You've probably seen it a million times in the newspapers. "Alcohol was not a factor." It seems innocuous enough, but it's actually journalistically unethical. The biggest objection to the phrase comes when you apply it to something else, such as `Teenaged Drivers were not a factor in the accident.` There might be good reason to suspect Teen drivers were involved in an accident, since they're more prone to crashing their truck. However, because they're not relevant, it's not mentioned. In fact, there's a great deal of non-relevant things that are not mentioned.

But far from wasting page space, these kinds of phrases when given by authority figures (such as a newspaper, or a police agency) actually have the opposite effect. It's called `priming,` and Obama has a lot of problems with it. The meat of the issue is when an authority figure discusses something, even to say it's not associated, it almost instantly becomes associated. Because of how the Human Brain works, when you hear Obama say "There are no death Panels," people are more likely to think Death Panels exist. The more time an authority figure spends dispelling a rumour, the more authority that rumour takes. It seems backwards, but the human brain often is.

So, when people talk about accidents and say `Alcohol was not involved,` readers are more likely to take away the message that alcohol was involved. Or, at least, they're primed to consider that as a possibility, if they weren't before.  The News Miner is terrible about this, when they say that drugs were found at the scene of some crime, but drugs were not a factor in the crime.
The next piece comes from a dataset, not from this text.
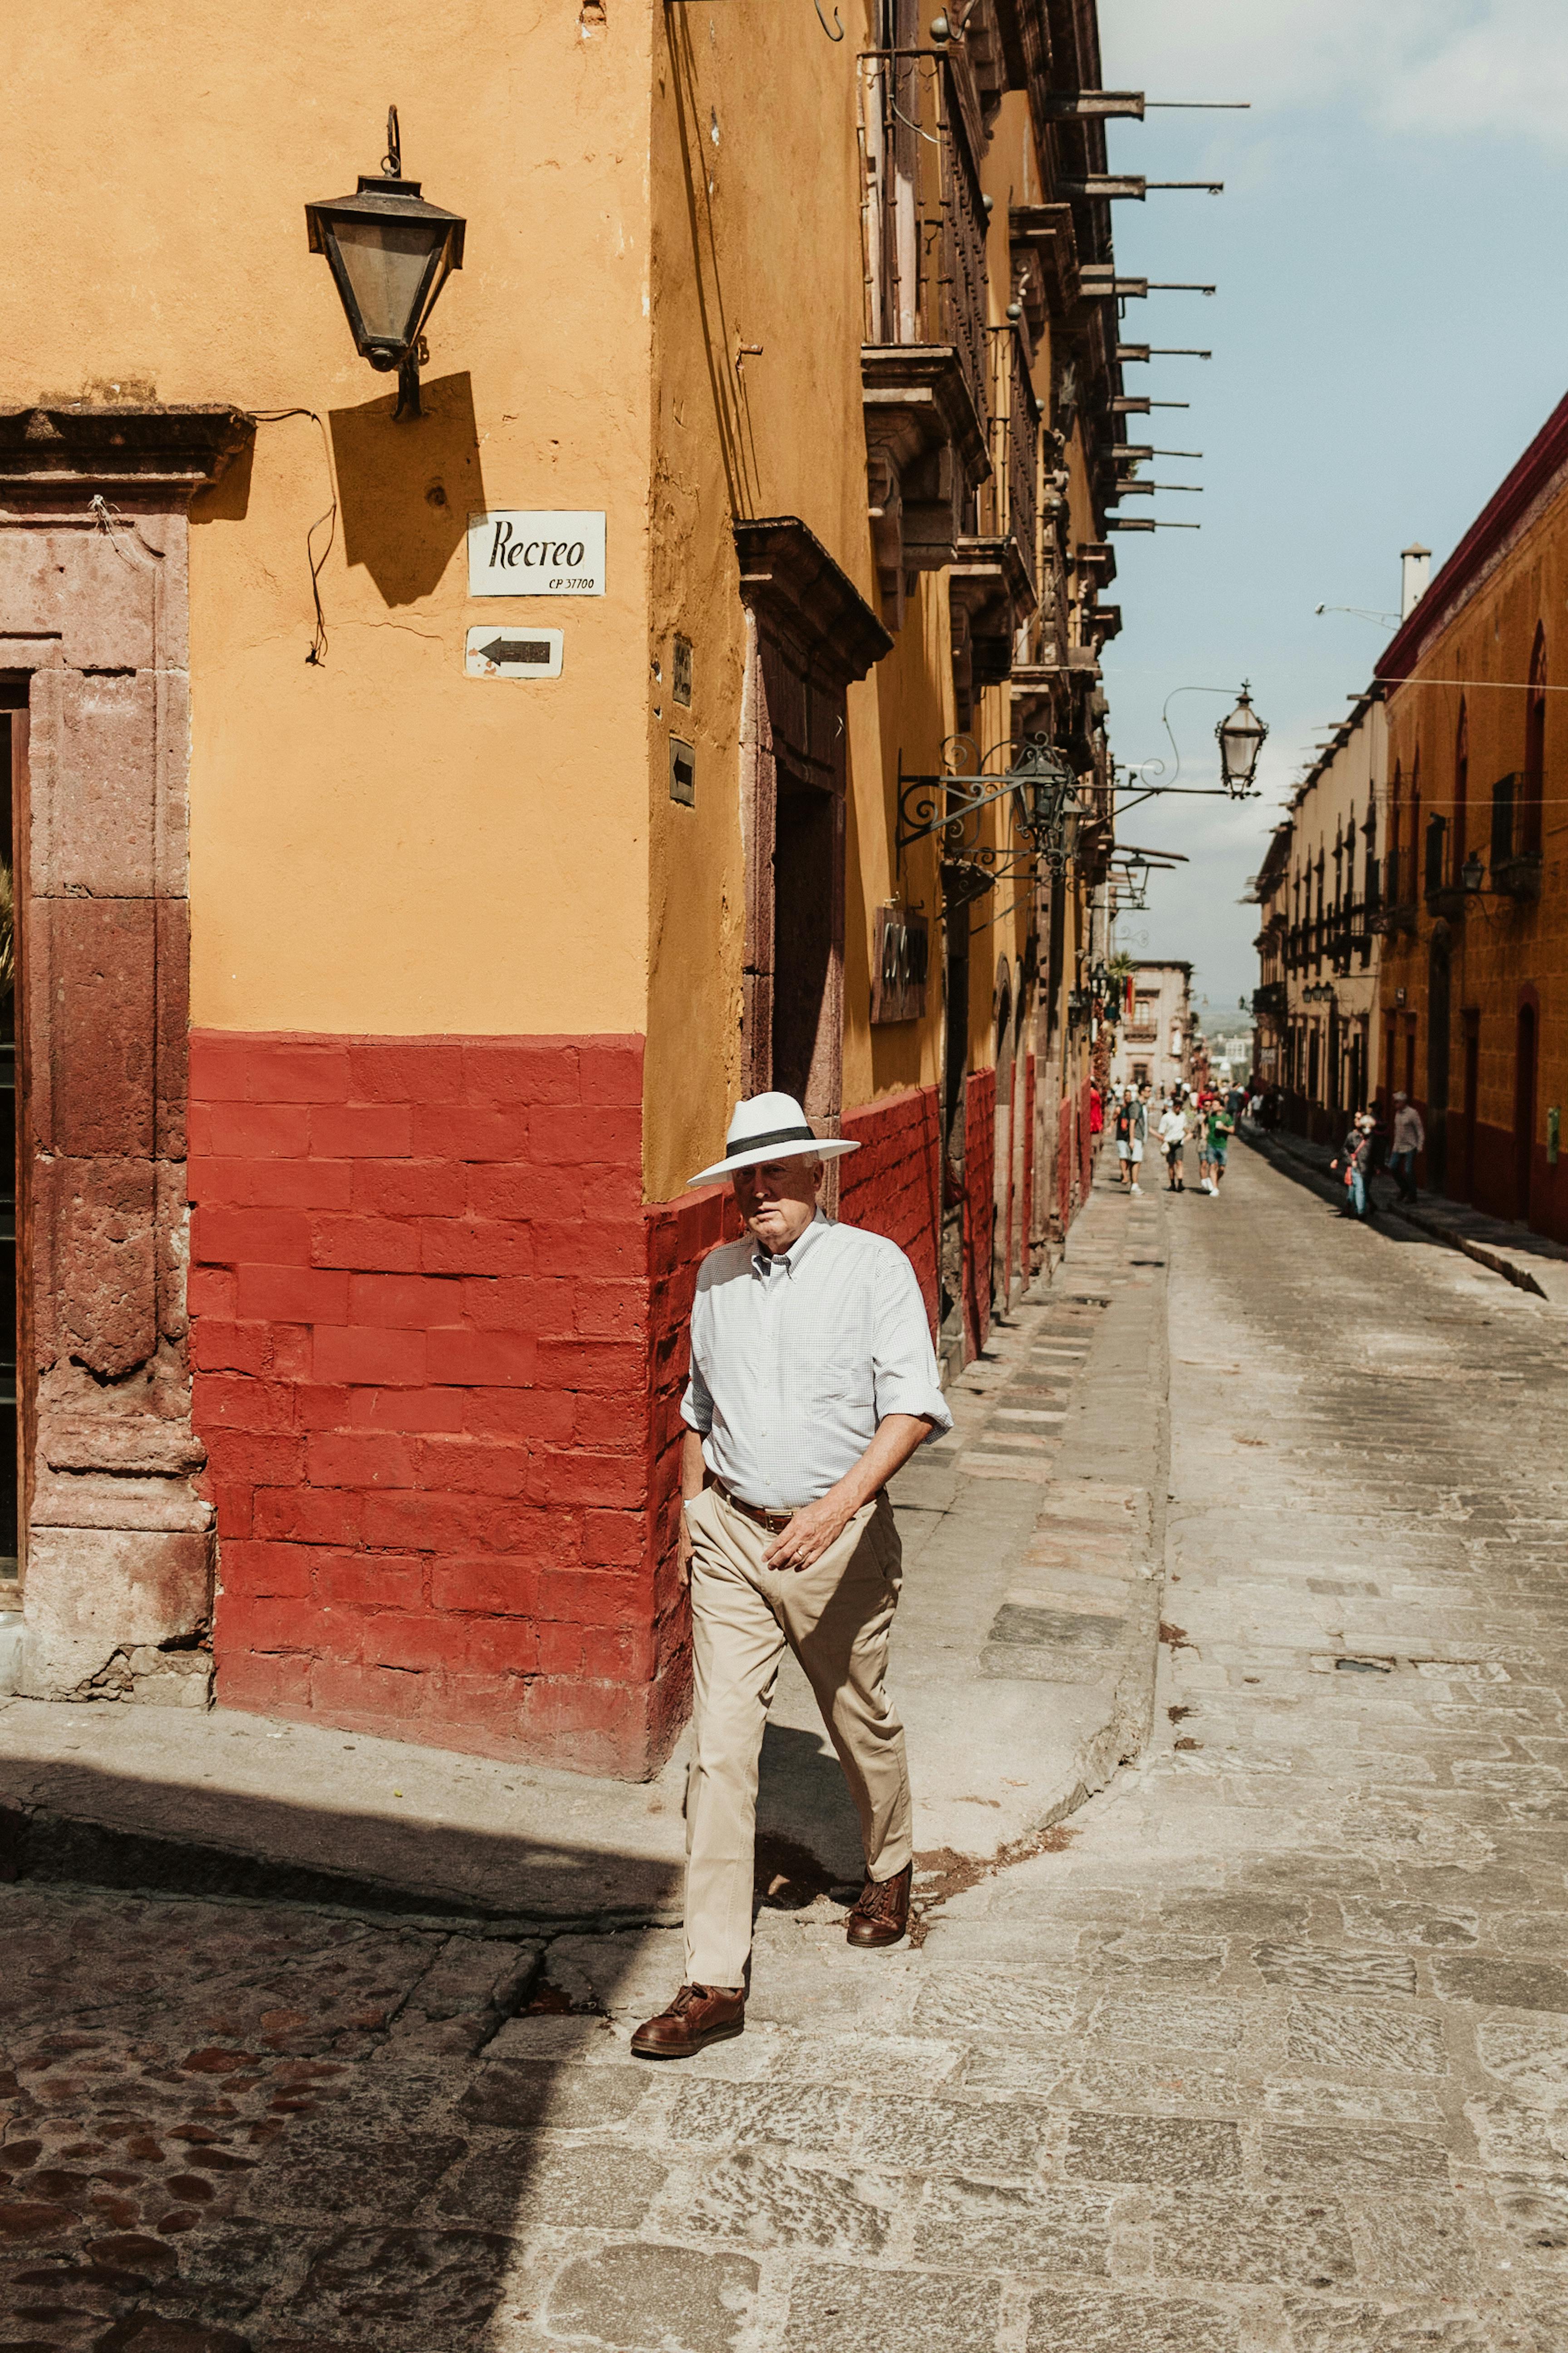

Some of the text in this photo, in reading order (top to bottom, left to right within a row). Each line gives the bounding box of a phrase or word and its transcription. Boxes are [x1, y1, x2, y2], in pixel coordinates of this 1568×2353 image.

[489, 521, 584, 569] Recreo
[549, 579, 594, 589] CP 37700
Instantly, people begin to assume it is a drug related crime, when in reality it's a totally false association. My favourite example of this is  when someone pointed  out that both Hitler and Stalin had moustaches, so history books should mention that mass-murder is not moustache related.

And the worst bit is, Journalists aren't ignorant of this. If the journalist went to that fancy pants college place, they almost invariably have learnt that a) this stuff happens and b) doing this is unethical. Sadly, many reporters and editors don't seem to be able to remember their actual training. Now, I'm probably never going to the battle on accident reports, when when people detail crime victims, and say they were in possession of, say, an once of marijuana in a totally drug-unrelated crime, that really cheeses me off.

Alcohol was not a factor in this post.